New supercomputer simulations support the idea that catastrophic satellite destruction is behind the formation of the beautiful rings of Saturn. This new work envisions two moons similar to what smallish Saturnian moons, like Dione and Rhea, look like today. Those moons smashed into each other, releasing a cloud of ice and rocks. And that ice eventually ended up in the rings.
Researchers ran more than 200 different versions of the impact between two such satellites. In a wide range of scenarios, the collision would scatter the right amount of ice around Saturn to create beautiful rings as we see them today.
“This scenario naturally leads to ice-rich rings,” co-author Professor Vincent Eke, from Durham University, said in a statement. “When the icy progenitor moons smash into one another, the rock in the cores of the colliding bodies is dispersed less widely than the overlying ice.”
Over the last decade or so, it’s become clear that Saturn’s incredible ring system is not something the planet was born with. The rings likely formed a few hundred million years ago. An alternative hypothesis suggests that maybe a moon got too close to Saturn, crossing its Roche limit. Beyond that threshold, the planet’s gravity pulled it apart and spread its remains to form the rings.
The collision scenario is a lot more dramatic, of course. The effect of the Sun’s gravity could have created a resonance on these two close moons, leading them to a collision course. The debris would then spread through the system, affecting other moons.

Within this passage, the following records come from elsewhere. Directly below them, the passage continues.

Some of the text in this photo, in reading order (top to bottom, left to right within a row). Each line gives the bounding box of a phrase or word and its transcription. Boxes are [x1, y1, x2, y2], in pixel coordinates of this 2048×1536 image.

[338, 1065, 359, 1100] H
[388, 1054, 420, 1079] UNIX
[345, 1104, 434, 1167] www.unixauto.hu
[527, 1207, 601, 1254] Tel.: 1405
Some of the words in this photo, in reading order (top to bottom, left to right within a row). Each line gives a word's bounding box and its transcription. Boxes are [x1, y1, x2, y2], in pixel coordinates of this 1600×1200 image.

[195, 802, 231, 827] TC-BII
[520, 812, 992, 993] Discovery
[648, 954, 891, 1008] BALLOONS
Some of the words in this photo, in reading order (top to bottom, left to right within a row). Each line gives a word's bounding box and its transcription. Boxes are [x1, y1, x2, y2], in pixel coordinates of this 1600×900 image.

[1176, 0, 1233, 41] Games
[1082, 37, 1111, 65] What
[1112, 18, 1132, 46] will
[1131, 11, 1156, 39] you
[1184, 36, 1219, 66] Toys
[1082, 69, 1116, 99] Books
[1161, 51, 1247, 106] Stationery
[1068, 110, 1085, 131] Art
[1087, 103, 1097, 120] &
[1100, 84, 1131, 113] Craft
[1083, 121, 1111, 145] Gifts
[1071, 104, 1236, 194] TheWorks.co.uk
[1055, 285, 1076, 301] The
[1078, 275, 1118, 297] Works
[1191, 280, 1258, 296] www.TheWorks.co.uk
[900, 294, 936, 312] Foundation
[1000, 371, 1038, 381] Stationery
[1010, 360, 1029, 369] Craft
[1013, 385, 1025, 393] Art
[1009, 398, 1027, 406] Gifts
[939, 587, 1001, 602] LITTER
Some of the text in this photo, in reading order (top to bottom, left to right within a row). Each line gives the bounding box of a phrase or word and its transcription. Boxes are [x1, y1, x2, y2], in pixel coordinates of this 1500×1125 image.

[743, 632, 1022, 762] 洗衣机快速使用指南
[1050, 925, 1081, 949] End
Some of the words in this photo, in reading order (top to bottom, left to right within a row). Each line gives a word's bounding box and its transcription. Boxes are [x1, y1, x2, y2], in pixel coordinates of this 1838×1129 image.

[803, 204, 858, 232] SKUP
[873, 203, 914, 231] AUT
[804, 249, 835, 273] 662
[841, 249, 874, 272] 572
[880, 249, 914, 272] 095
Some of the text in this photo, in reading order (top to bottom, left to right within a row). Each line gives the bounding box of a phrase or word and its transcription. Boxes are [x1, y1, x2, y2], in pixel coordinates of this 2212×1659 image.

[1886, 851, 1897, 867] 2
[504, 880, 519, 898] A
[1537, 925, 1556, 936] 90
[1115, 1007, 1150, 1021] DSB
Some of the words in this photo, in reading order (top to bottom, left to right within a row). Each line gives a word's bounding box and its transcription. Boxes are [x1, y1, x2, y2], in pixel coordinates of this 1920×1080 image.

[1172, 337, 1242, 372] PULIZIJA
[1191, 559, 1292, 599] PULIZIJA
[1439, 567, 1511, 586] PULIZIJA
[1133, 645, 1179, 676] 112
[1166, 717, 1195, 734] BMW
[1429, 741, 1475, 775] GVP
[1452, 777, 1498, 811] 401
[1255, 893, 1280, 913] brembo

As moons age, they tend to move outwards due to gravitational effects. Rhea orbits just out of the resonance threshold. If Rhea was ancient it must have originated inside it, and it would not have survived the crossing. But it is here, and for the researchers, this indicates that a collision scenario formed the rings and reformed today’s moons, even spreading ice to other moons in the system.
“There’s so much we still don’t know about the Saturn system, including its moons that host environments that might be suitable for life,” added Jacob Kegerreis, a research scientist at NASA’s Ames Research Center. “So, it’s exciting to use big simulations like these to explore in detail how they could have evolved.”
The study is published in The Astrophysical Journal.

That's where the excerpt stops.